Copy the lines below as they are; omit the images they contain.

[Free-text object descriptions]
- Opening Delimiter -

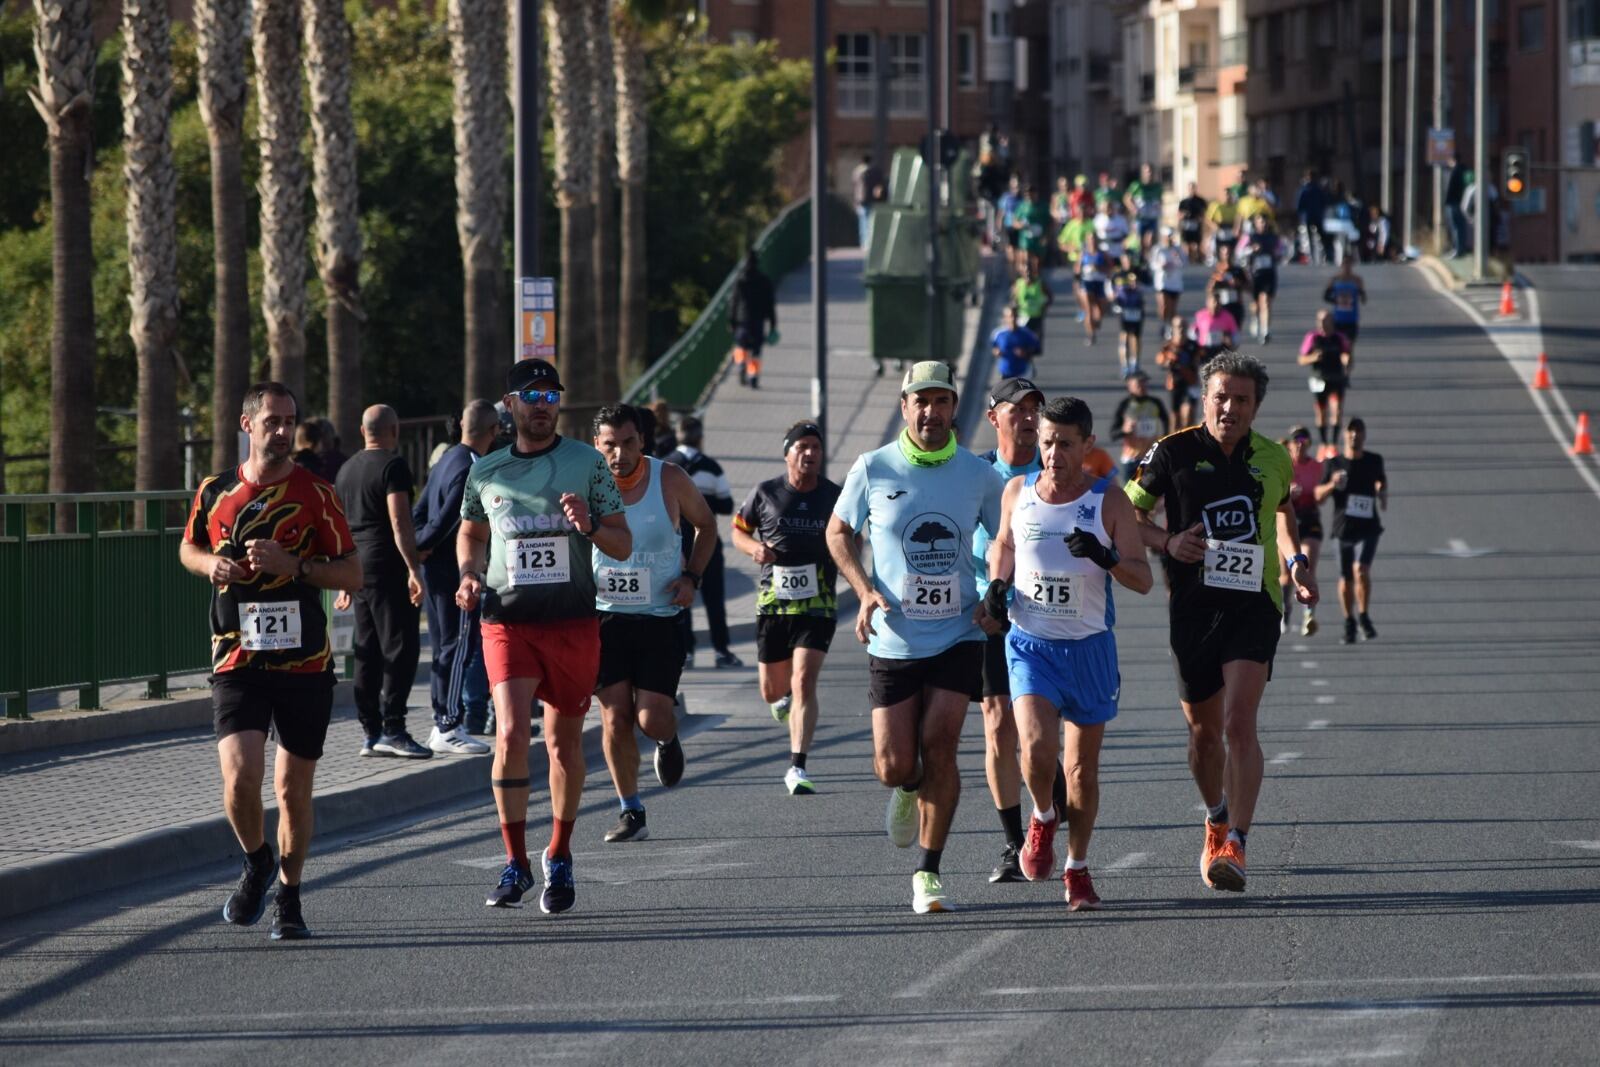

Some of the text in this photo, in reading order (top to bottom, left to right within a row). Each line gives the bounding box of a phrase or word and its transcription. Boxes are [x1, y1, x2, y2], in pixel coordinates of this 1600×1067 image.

[1216, 511, 1245, 527] KD
[1226, 546, 1254, 555] ANDAMUR
[518, 550, 556, 569] 123
[1215, 554, 1253, 575] 222
[608, 578, 640, 593] 328
[782, 574, 808, 589] 200
[1208, 575, 1241, 585] AVANZA
[916, 587, 951, 605] 261
[1034, 584, 1070, 603] 215
[906, 607, 940, 615] AVANZA
[1028, 604, 1057, 614] AVANZA
[254, 615, 288, 634] 121
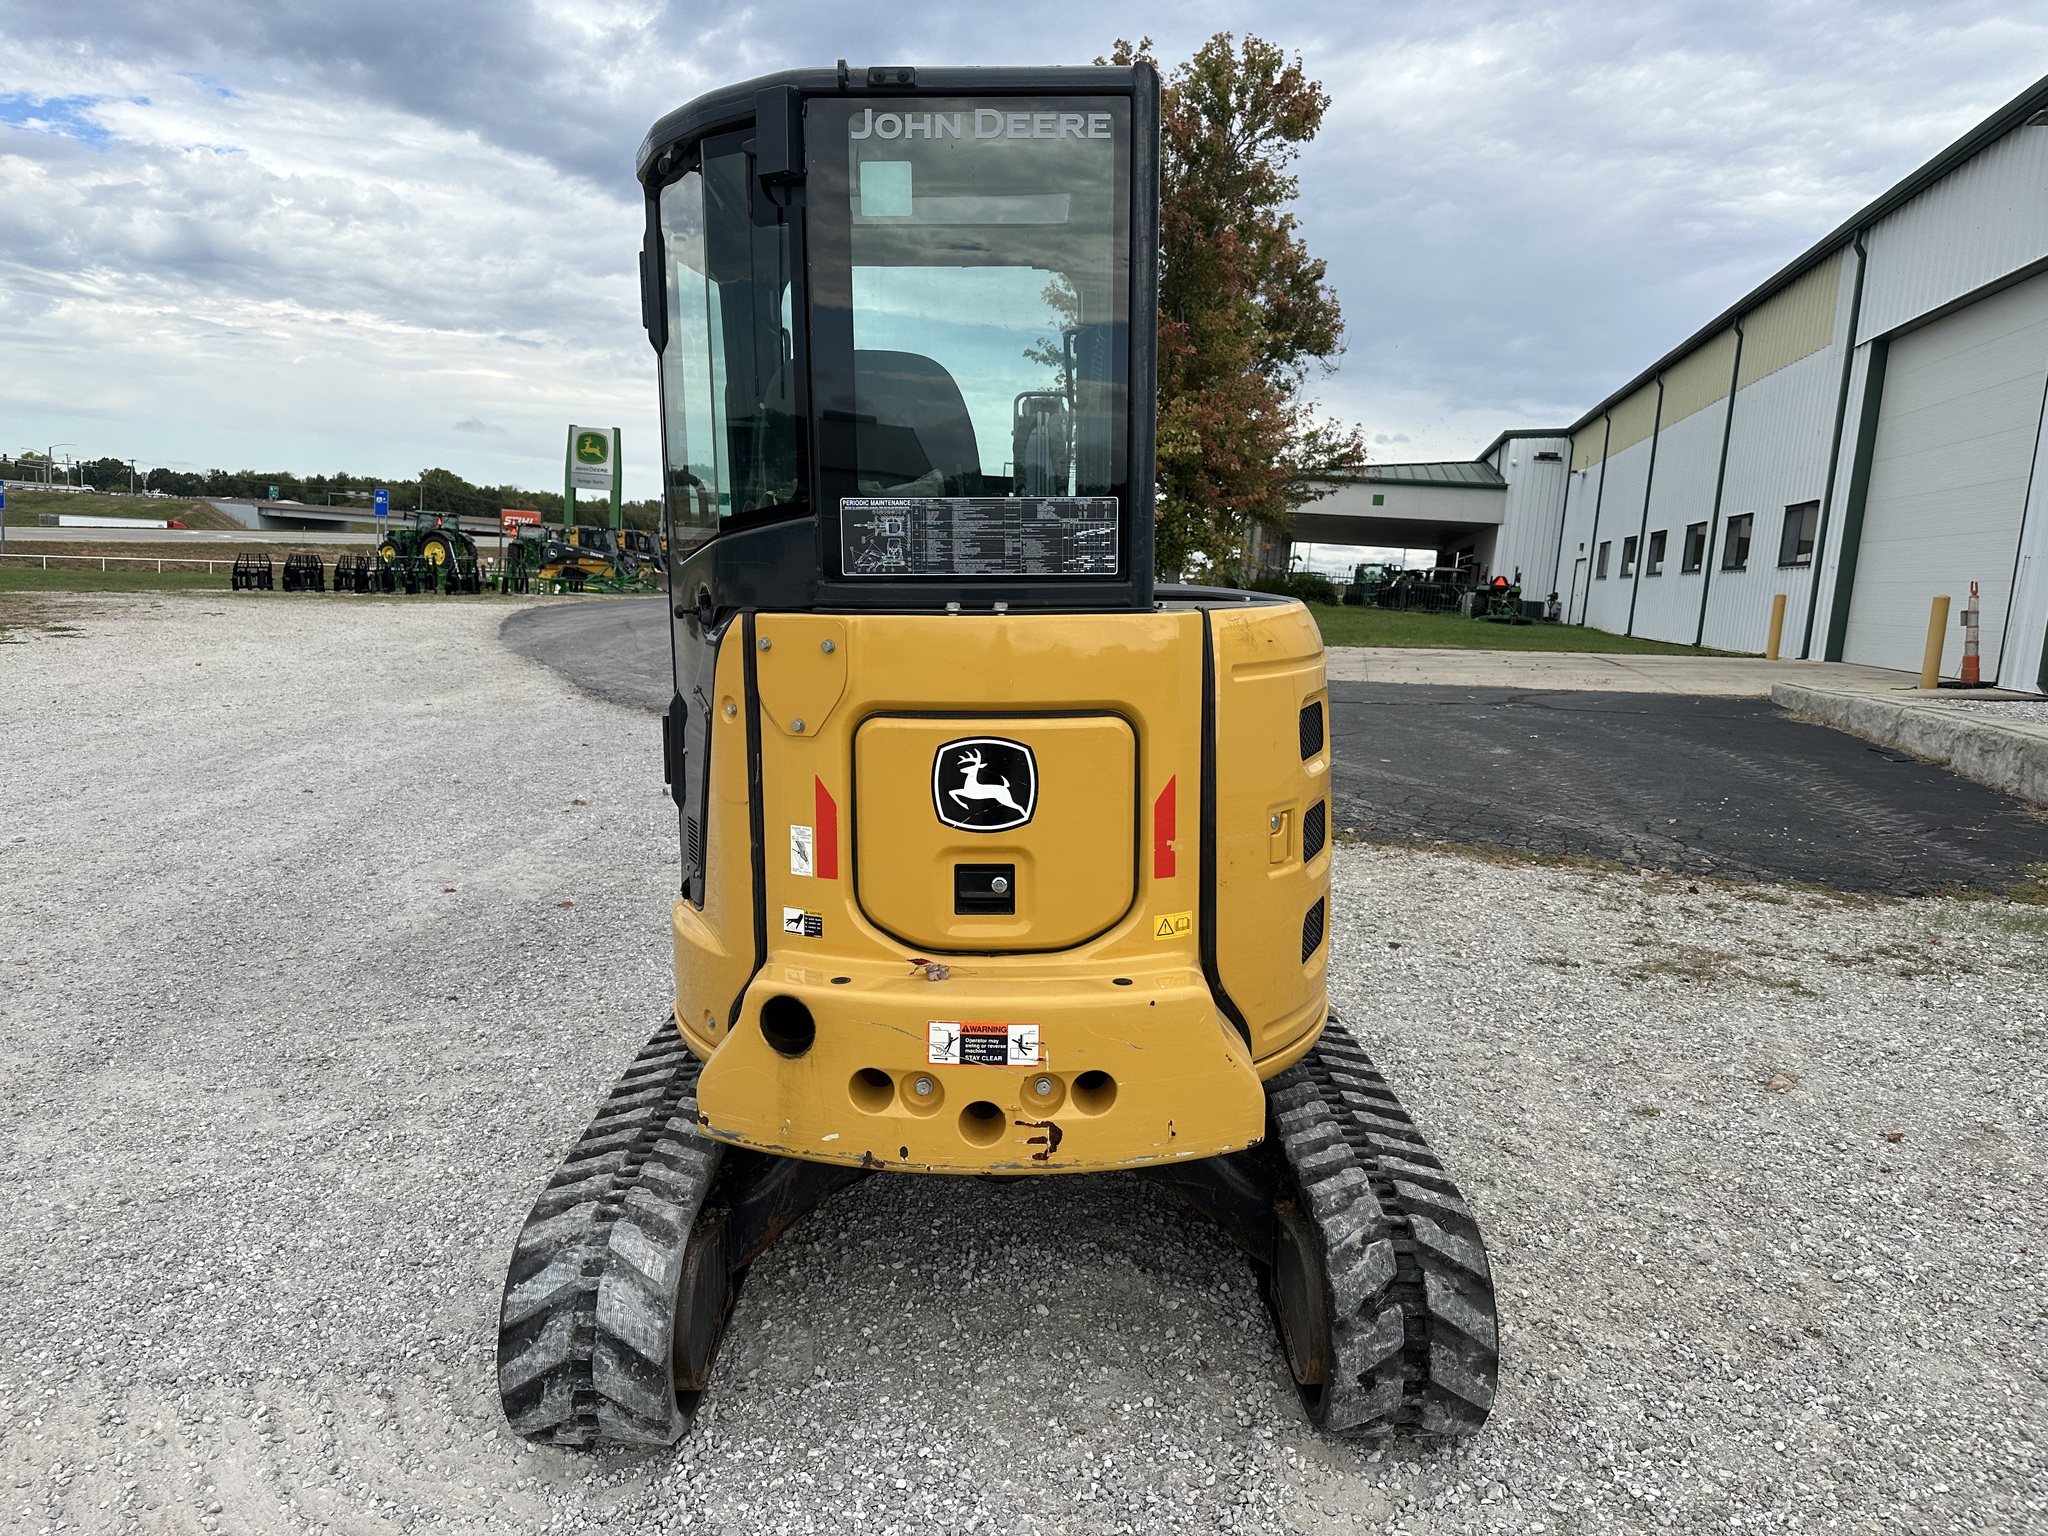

- Closing Delimiter -

_Answer area_
Some of the text in this photo, in reading order (top to bottom, left to right within a row). Each line gives the bounding box of a phrase or word and its transcription. Boxes are [x1, y1, x2, y2], in pixel coordinates of this 1600×1067 image.

[1216, 511, 1245, 527] KD
[1226, 546, 1254, 555] ANDAMUR
[518, 550, 556, 569] 123
[1215, 554, 1253, 575] 222
[608, 578, 640, 593] 328
[782, 574, 808, 589] 200
[1208, 575, 1241, 585] AVANZA
[916, 587, 951, 605] 261
[1034, 584, 1070, 603] 215
[906, 607, 940, 615] AVANZA
[1028, 604, 1057, 614] AVANZA
[254, 615, 288, 634] 121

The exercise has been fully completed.